I didn’t know what to do so I took his hand. He placed his other hand on top of it.
‘Play for me, Ada,’ he muttered. ‘Play something gay.’
And so I did. I left the door open and went downstairs and played something cheerful and gay to cover his crying. Maybe a waltz, like Madam used to play when there was a dinner party before the war. Or a polonaise with its lively march up and down the keyboard. And Madam would come in and say thank you with her eyes. And Master would open the door to the study and listen as well.

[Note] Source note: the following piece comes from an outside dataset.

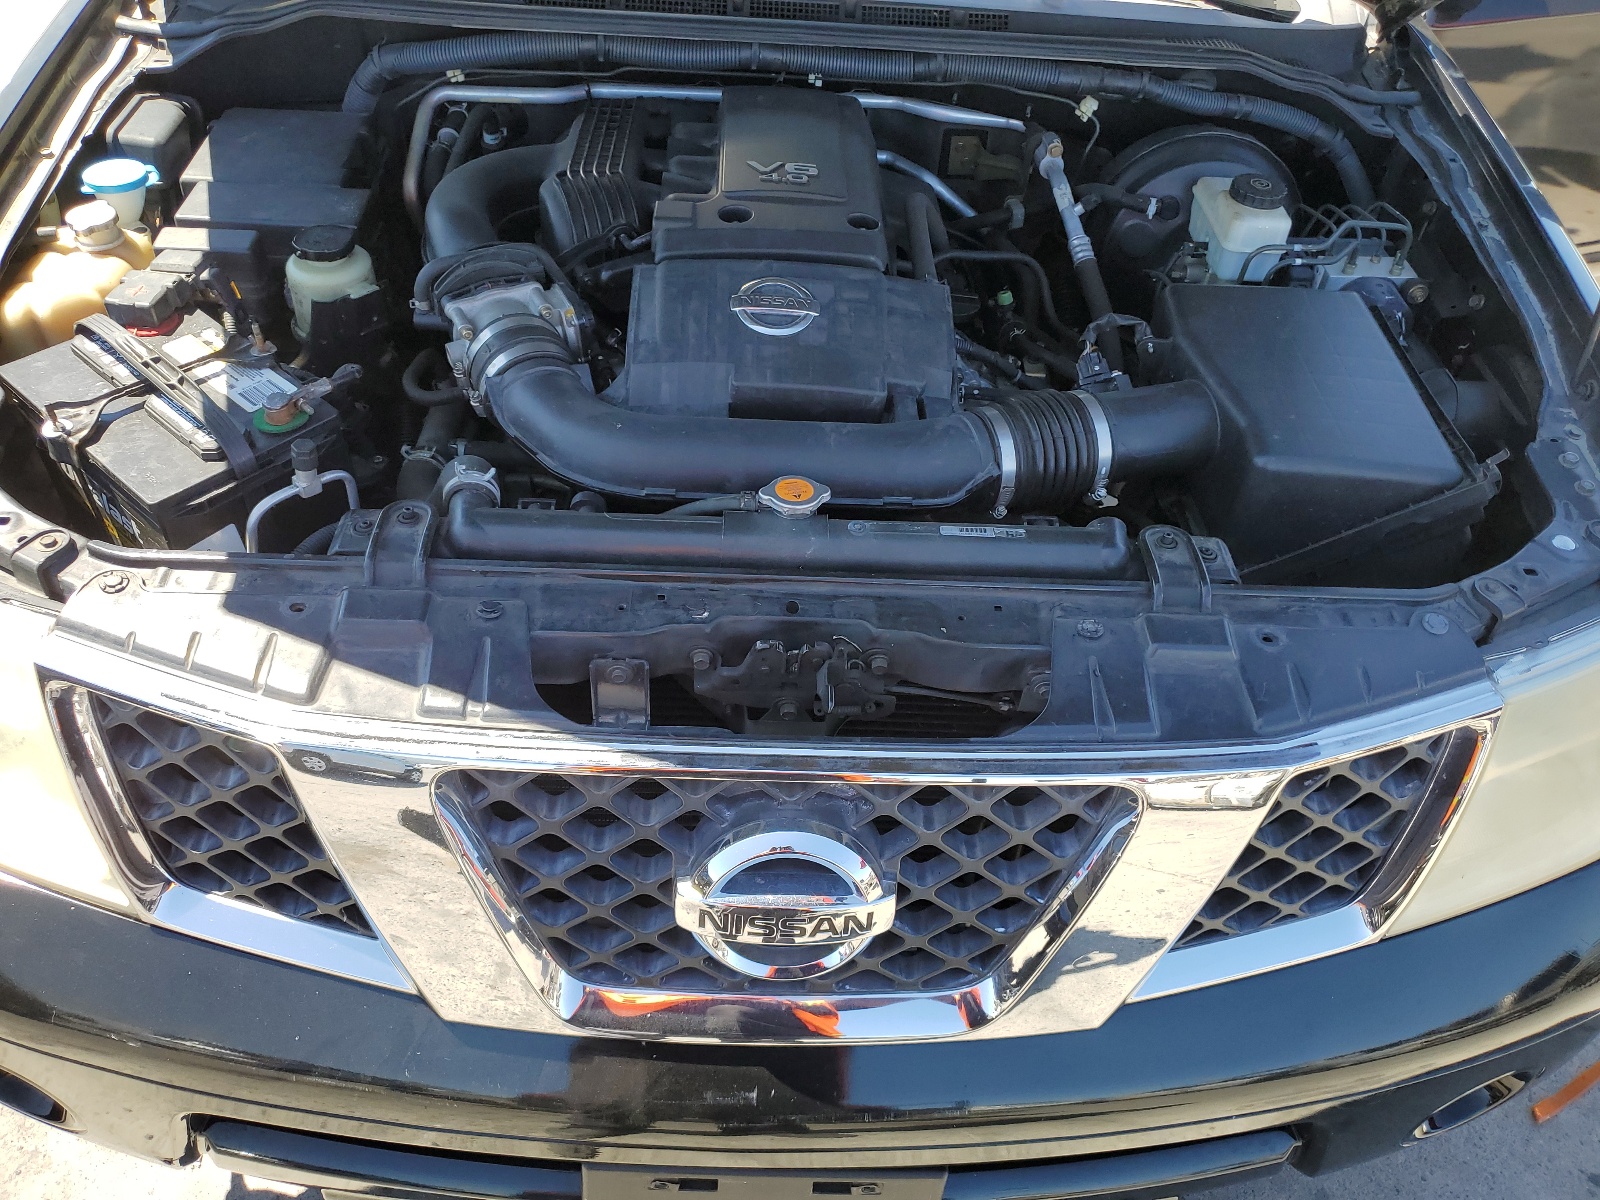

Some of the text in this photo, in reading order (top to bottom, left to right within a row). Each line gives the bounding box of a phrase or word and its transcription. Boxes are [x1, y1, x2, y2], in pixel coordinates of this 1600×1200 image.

I learnt about ‘Up North’. This was where Mr Churchill had sent Master Phil in the war. I wanted to learn about it, I wanted to understand what sort of place could have wounded Master Phil so deeply. Perhaps then I would understand about war.
But I also wanted to know about it because it was a new place for me. Was this wrong? Was it wrong to have such thirst for new places even though they had caused such pain?
All I knew was Cradock. All I could see from Master Phil’s toy box was the Karoo. What, I would ask myself as I peered over the veld, what lay beyond the brown
koppies
and the distant mountains with their imagined snow? Books and music could only take you so far. Words, drawn from real life, took you further. Madam’s words had taken me to Ireland and a blue stream that tumbled over cliffs to the sound of Grieg …
At first I asked him nothing. I cared for him quietly, and cut his once-bright hair, and shaved his thin face when he was too weary to do so, and held his hand while he fell asleep, and waited in the chair across from him so he wouldn’t be alone when he woke.
Then he began to talk about it. And so I discovered the desert from Master Phil, a desert that made our Karoo with its struggling bush seem rich by comparison. The Sahara he spoke of was a place where life had given up trying. Not even a bony thorn tree found the will to grow. Brown sand dunes, bare of plants or animals, smothered the land and rose higher than our
koppies.
Yet what the dunes lacked in inhabitants they made up for in movement of their own. They moved, Master Phil told me, his face for once keen. Whole dunes moved!
‘But how?’ I gasped, peering at him through the gloom of the dark bedroom, dark on account of the sun hurting his eyes.
‘Why, it’s the wind, Ada,’ he said patiently, like his patience had once explained words with strange meanings, or numbers I’d not yet understood. ‘Wind shears the top of them, you see, or shifts them sideways. Into a new place, a new shape.’
He grimaced a little, and I wondered whether the inside wounds became sore if he spoke too much. It would be a pity if the first time he’d shown some spirit was to be the cause of more pain. After the tears over the apricot trees, I’d been careful not to ask too many questions. I waited for him to tell me things while we sat together in the fading afternoons, or over the midmorning cup of tea I brought him during my daily chores. Sometimes he talked, like today, sometimes he stayed quiet for days at a time. In this respect, Master Phil was very changed for me. Gone was the laughter, the keenness, the energy he’d had as a young man, even the fear he’d been able to confess before he went away. What was left was as empty and as dry as the place he described.
‘There’s a strange beauty,’ he once said of the desert, when I risked a further question. ‘But it’s cruel, Ada.’ He stared down at his fingers in surprise as they fidgeted on the bedspread, almost as if their movement was happening outside his control, like the sands of the desert had no control over where the wind sent them.